A medical laboratory scientist (MLS), often known as a medical technologist or clinical laboratory scientist, analyzes a wide range of biological samples. They are in charge of doing scientific tests on samples and communicating the results to physicians.
What does a medical laboratory scientist do?
Medical laboratory experts use sophisticated technology such as microscopes to perform complicated tests on patient samples. The information they discover is critical in detecting and treating cancer, heart disease, diabetes, and other medical problems. It is believed that 60 to 70% of all choices on a patient’s diagnosis, treatment, hospital admission, and discharge are dependent on the findings of the tests performed by medical laboratory scientists.
Medical laboratory scientist vs. medical laboratory technician
A medical laboratory scientist and a medical lab technician are similar, yet there are a few important distinctions. They both operate in laboratories and conduct tests on biological materials; but, a medical lab scientist generally has more schooling and can undertake more complicated lab work. A medical lab technician is responsible for more regular lab work and is frequently overseen by a medical lab scientist.
Medical laboratory scientist vs. medical laboratory assistant
Medical laboratory assistants are a subset of medical laboratory technicians. They are in charge of preparing biological specimens, documenting data, and performing additional lab maintenance chores like cleaning equipment and replenishing supplies. A medical laboratory scientist will collaborate with a medical laboratory assistant to analyze prepared specimens and convey information for them to record.
Medical lab scientists work in hospitals, clinics, forensic or public health laboratories, pharmaceutical corporations, biotechnology firms, veterinary clinics, or research organizations. Their work hours may vary depending on the location, although labs are generally open 24 hours a day, seven days a week. This provides for schedule flexibility.
The majority of medical laboratory scientists work on their feet, evaluating test findings in the lab.
Becoming a medical laboratory scientist
Successful medical lab scientists are good communicators with strong intellect and a passion for science and technology. Excellent eye-hand coordination, dexterity, and visual acuity are required to conduct and evaluate tests skillfully.
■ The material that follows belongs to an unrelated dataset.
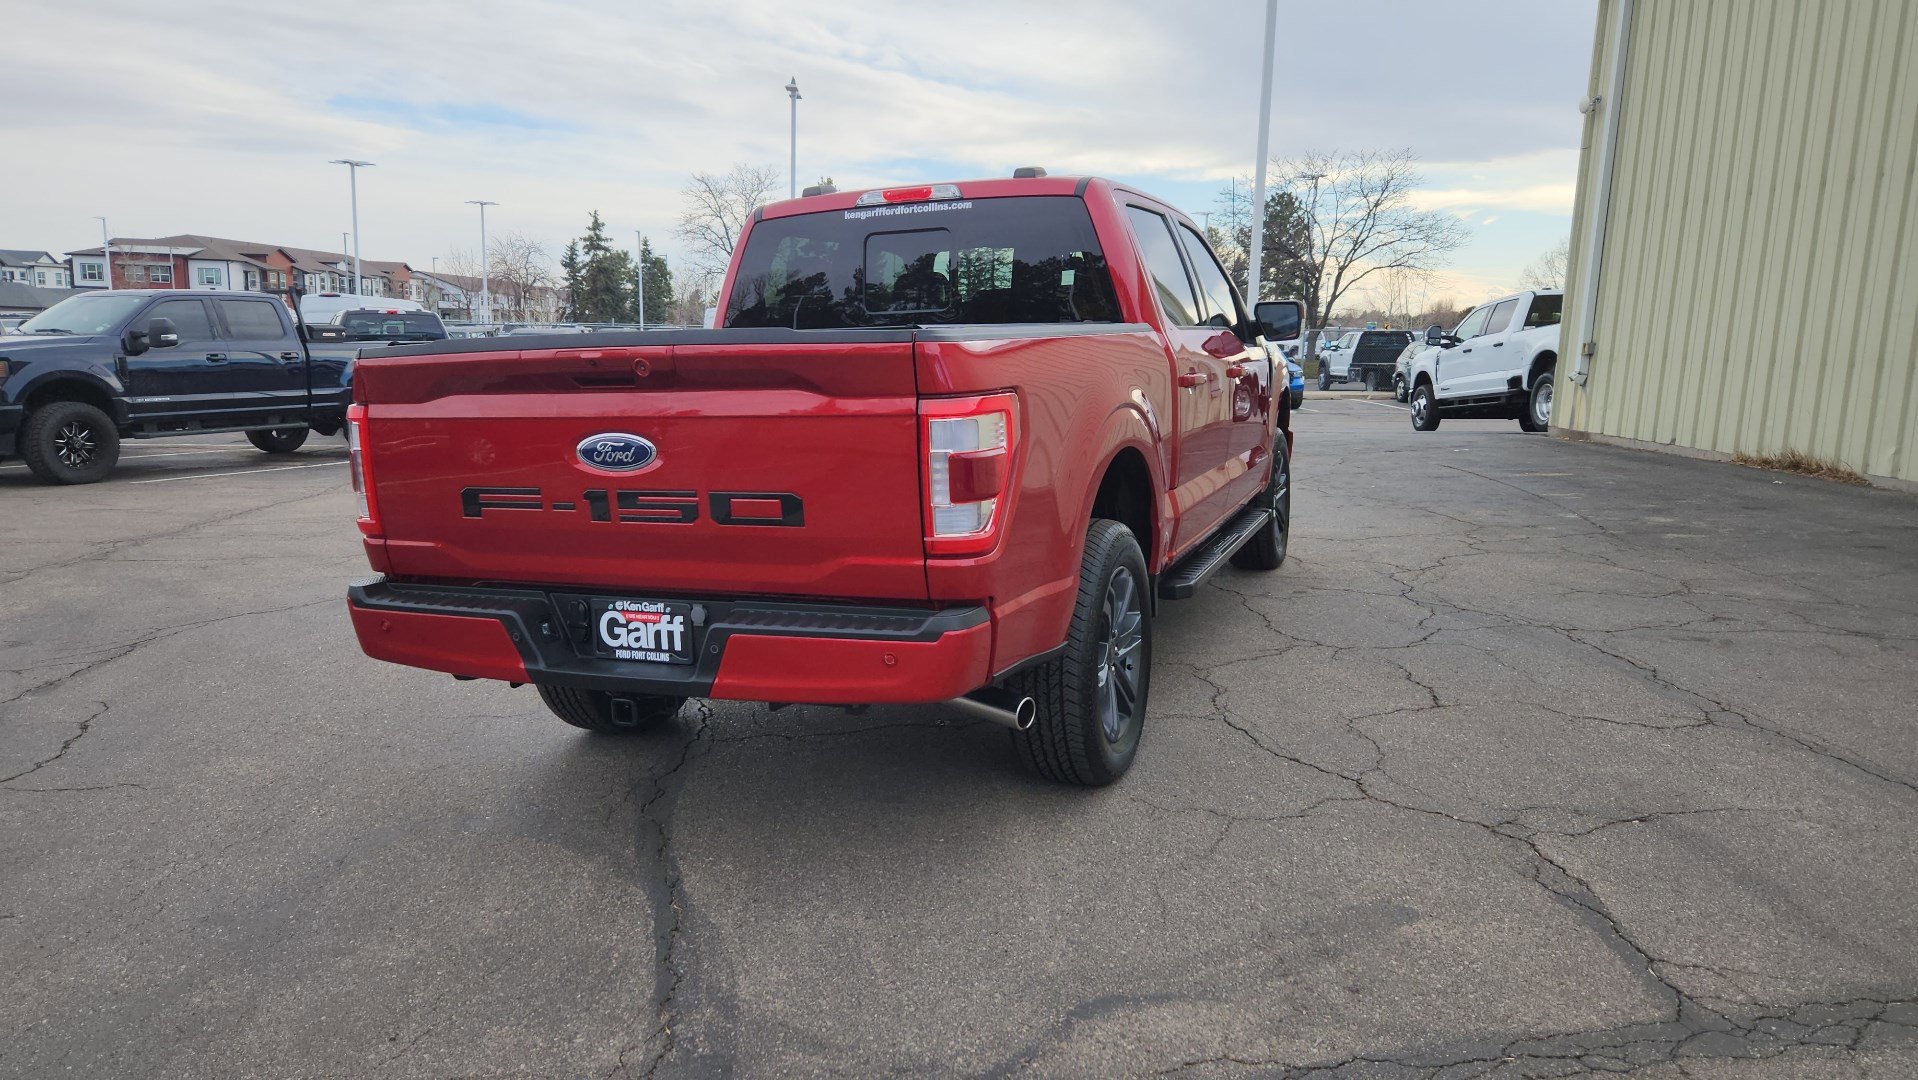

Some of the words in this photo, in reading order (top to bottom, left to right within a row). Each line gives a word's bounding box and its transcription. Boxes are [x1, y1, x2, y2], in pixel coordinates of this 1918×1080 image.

Individuals who enjoy science and research but wish to have little to no contact with patients might be a good match for a career as a medical laboratory scientist.
Higher education requirements
Most people who get a high school diploma (or the equivalent) will go on to pursue some degree of higher education and training to become a medical laboratory scientist.
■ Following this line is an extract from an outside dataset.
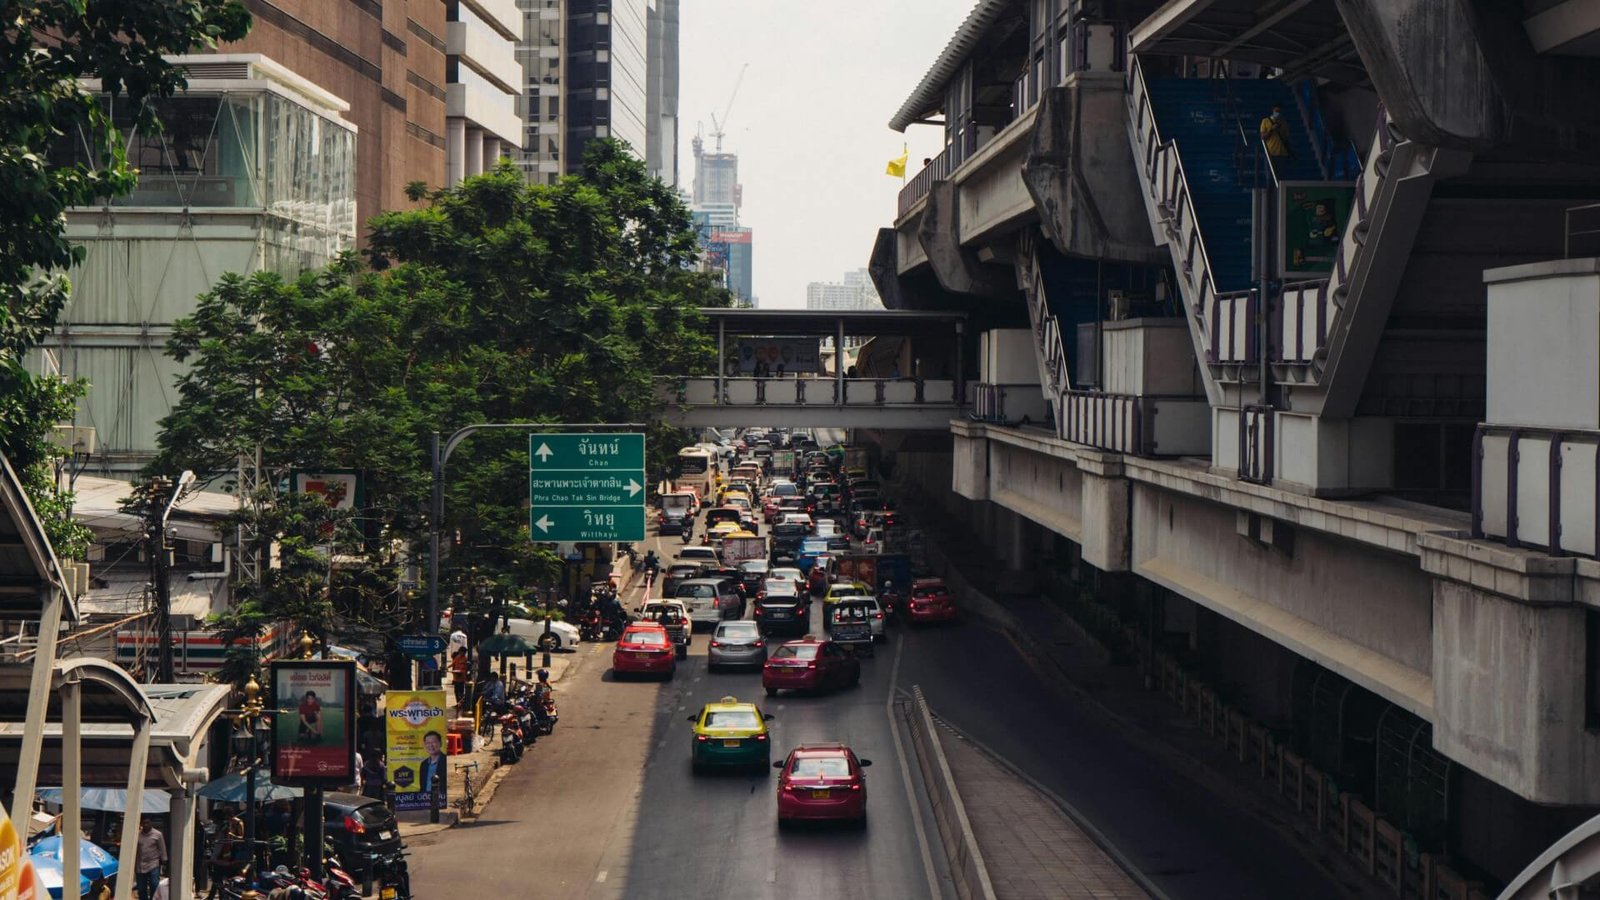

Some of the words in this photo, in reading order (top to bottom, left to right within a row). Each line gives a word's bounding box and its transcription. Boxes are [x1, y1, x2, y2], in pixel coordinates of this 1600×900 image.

The following are common higher education requirements for medical laboratory scientist jobs:
- Completing a bachelor’s degree in medical technology or clinical laboratory science. A bachelor’s degree in a science or health-related field (e.g. chemistry or microbiology) may also be considered.
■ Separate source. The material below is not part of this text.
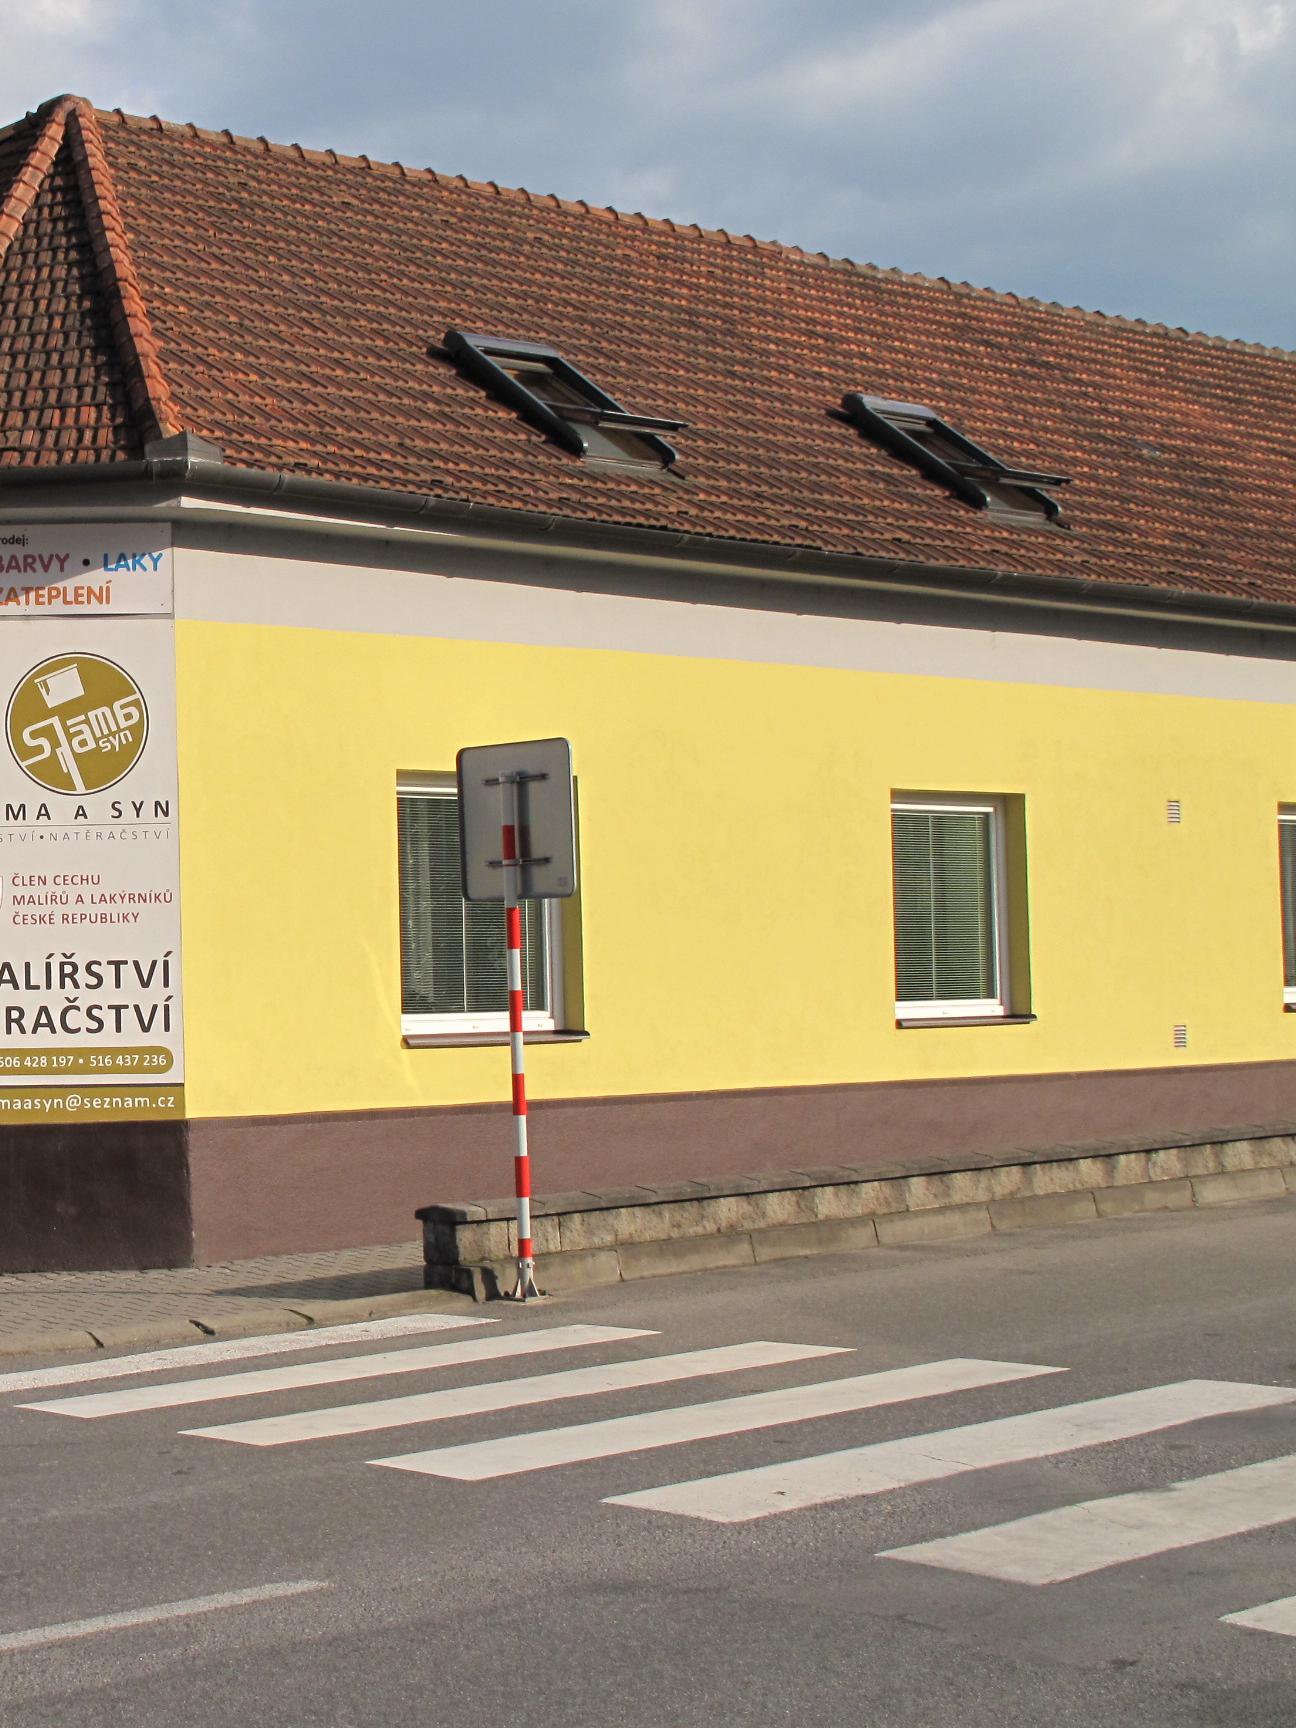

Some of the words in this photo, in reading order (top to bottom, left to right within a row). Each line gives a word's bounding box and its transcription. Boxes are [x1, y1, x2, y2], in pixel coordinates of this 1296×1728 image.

- Completing a clinical laboratory program or internship through a hospital-based program or as part of their education
- National certification as a medical technologist (MT), clinical laboratory scientist (CLS), or medical laboratory scientist (MLS)
- Previous experience in a health care setting
Certification and licensing
The majority of companies need medical laboratory scientists to be certified by an accrediting organization, such as the American Society for Clinical Pathology (ASCP) Board of Certification (BOC). Medical laboratory scientists (MLS) can practice under the credentials of MLS(ASCP)CM after completing the credentialing test.
State licensure may also be necessary.
Career opportunities and outlook
A medical lab scientist’s typical pay is $54,000, however, wages can range from $31,000 to $83,000 based on degree, region, and previous experience.
Medical laboratory technologists and scientists have a high rate of job growth and security. According to the Bureau of Labor Statistics, there is presently a scarcity of medical lab technicians and scientists in many regions of the country, ensuring plenty of job possibilities and, in certain cases, higher pay for graduates. With the number of laboratory tests projected to expand faster than usual owing to population expansion and the development of new types of tests, job possibilities are expected to grow faster than average, with over 24,000 new positions expected to be available by 2029.
A medical lab scientist can advance to the position of a department head or lab manager with extra training and experience. Others may pursue specialties to enhance their professions. With more training, a medical lab technician will often advance to the position of medical lab scientist.